Possible Duplicate:
Zero to zero power
It is well known that $0^0$ is an indeterminate form. One way to see that is noticing that
$$\lim_{x\to0^+}\;0^x = 0\quad,$$
yet,
$$\lim_{x\to0}\;x^0 = 1\quad.$$
What if we make both terms go to $0$, that is, how much is
$$L = \lim_{x\to0^+}\;x^x\quad?$$
By taking $x\in \langle 1/k\rangle_{k\in\mathbb{N*}}\,$, I concluded that it equals $\lim_{x\to\infty}\;x^{-1/x}$, but that's not helpful.
On
This has been talked ad nauseam. $0^0$ is indeterminate as a limit, in the sense that $x^y$ when both $x$ and $y$ tend to zero, can tend to anything. What happens to $\lim_{x\to 0} x^x$ is another thing (it tends to 1, actually, but one cannon conclude nothing from that). And what is the value of $0^0$ is still another thing.
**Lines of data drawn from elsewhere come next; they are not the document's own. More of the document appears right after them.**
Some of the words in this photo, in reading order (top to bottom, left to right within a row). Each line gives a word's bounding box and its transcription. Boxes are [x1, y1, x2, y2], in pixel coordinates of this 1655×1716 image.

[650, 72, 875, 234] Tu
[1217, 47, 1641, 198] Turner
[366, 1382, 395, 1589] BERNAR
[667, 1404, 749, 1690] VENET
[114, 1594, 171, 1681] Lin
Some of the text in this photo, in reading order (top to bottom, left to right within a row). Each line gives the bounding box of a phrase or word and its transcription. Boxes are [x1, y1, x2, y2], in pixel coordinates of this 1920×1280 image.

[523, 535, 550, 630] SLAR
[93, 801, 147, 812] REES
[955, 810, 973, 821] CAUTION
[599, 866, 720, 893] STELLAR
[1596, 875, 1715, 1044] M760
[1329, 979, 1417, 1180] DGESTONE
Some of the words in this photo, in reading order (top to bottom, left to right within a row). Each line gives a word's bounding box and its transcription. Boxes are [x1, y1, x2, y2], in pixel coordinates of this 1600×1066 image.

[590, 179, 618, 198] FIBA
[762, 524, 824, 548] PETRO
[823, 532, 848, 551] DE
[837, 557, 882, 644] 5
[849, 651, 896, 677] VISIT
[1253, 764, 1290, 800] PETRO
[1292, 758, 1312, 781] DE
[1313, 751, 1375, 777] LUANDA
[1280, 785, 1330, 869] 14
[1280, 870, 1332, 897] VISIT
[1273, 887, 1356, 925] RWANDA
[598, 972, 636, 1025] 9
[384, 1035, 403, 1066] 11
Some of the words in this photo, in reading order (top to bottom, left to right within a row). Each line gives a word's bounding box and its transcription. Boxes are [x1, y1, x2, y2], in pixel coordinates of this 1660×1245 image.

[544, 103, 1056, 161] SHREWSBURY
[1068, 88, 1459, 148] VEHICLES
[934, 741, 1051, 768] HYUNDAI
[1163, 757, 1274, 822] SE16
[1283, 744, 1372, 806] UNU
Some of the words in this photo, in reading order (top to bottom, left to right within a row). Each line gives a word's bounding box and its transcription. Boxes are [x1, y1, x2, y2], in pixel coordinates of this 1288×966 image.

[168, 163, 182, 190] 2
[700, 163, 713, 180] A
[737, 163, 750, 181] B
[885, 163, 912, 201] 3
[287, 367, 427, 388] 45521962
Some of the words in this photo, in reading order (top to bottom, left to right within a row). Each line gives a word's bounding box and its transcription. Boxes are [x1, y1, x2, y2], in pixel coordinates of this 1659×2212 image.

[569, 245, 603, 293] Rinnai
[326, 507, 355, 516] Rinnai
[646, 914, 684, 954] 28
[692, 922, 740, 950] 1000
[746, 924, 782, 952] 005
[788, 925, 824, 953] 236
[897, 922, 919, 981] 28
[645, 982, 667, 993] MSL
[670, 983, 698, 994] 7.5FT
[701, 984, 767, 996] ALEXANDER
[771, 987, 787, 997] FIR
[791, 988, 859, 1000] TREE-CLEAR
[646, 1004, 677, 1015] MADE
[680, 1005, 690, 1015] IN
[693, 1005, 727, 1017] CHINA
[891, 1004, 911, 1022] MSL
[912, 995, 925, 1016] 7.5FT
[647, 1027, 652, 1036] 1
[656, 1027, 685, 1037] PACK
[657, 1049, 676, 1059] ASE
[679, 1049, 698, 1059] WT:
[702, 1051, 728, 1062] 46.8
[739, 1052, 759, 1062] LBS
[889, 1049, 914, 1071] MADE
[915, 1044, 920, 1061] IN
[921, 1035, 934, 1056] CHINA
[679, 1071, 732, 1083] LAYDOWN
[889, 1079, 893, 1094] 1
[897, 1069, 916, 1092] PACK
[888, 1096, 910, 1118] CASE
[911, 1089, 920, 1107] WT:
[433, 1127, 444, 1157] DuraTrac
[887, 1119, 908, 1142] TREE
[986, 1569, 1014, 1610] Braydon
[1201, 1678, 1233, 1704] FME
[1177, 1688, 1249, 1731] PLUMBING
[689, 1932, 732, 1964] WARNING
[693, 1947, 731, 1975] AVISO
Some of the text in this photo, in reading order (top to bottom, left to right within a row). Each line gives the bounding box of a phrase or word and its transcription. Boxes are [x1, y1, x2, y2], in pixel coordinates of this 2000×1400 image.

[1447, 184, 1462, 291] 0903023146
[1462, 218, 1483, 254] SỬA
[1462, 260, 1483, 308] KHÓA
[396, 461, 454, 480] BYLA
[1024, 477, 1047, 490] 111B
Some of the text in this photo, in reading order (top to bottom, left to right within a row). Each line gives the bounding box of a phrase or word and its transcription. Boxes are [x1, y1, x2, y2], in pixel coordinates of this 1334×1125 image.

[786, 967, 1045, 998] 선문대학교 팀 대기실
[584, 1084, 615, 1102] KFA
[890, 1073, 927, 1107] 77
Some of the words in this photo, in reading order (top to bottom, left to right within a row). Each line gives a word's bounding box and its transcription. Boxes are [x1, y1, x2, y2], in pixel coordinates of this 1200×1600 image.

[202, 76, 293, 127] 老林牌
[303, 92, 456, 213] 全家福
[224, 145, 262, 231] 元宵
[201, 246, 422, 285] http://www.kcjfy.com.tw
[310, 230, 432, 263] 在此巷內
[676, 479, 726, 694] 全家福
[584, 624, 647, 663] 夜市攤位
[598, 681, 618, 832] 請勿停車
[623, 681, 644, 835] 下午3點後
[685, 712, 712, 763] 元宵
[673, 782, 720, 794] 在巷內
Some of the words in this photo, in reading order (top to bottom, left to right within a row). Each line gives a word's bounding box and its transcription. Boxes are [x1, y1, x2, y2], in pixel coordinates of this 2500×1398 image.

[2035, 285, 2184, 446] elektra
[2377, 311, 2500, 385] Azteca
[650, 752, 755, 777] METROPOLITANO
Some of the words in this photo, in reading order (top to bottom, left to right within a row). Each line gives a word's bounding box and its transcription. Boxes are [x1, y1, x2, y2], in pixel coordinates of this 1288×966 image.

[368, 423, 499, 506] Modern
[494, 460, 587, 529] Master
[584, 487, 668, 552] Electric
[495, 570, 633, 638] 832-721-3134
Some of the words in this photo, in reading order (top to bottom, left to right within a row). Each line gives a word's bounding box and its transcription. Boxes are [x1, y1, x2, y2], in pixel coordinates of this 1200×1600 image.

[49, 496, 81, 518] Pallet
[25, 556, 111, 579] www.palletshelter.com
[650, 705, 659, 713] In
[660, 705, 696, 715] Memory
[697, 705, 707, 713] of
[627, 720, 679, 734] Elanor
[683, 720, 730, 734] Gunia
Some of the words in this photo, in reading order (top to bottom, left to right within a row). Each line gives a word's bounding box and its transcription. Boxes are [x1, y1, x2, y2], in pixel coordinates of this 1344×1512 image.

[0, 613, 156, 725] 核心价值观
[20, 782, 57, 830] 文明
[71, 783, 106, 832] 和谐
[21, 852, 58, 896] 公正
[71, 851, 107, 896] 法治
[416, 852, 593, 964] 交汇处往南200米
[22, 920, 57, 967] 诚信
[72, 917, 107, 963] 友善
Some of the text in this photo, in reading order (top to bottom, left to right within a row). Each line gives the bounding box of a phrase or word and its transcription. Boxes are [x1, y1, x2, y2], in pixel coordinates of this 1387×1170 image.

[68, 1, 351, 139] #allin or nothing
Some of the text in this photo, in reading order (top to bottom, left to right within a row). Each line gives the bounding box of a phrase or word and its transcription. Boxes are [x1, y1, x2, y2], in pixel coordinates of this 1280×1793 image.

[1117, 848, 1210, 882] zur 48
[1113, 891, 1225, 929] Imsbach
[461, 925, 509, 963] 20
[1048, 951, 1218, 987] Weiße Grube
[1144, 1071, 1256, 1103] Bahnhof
Anyway, the bit that follows "One way to see that is noticing that... " is also objectionable. The first limit is not entirely correct. What we know is not that $0^x=0$ for $x \ne 0$, but for $x >0$, hence that limit should be $\lim_{x\to 0^+} 0^x = 0$. But $\lim_{x\to 0^-} 0^x = \infty$
This is, unfortunately, not very exciting. Rewrite $x^x$ as $e^{x\log x}$ and take that limit. One l'Hôpital later, you get 1.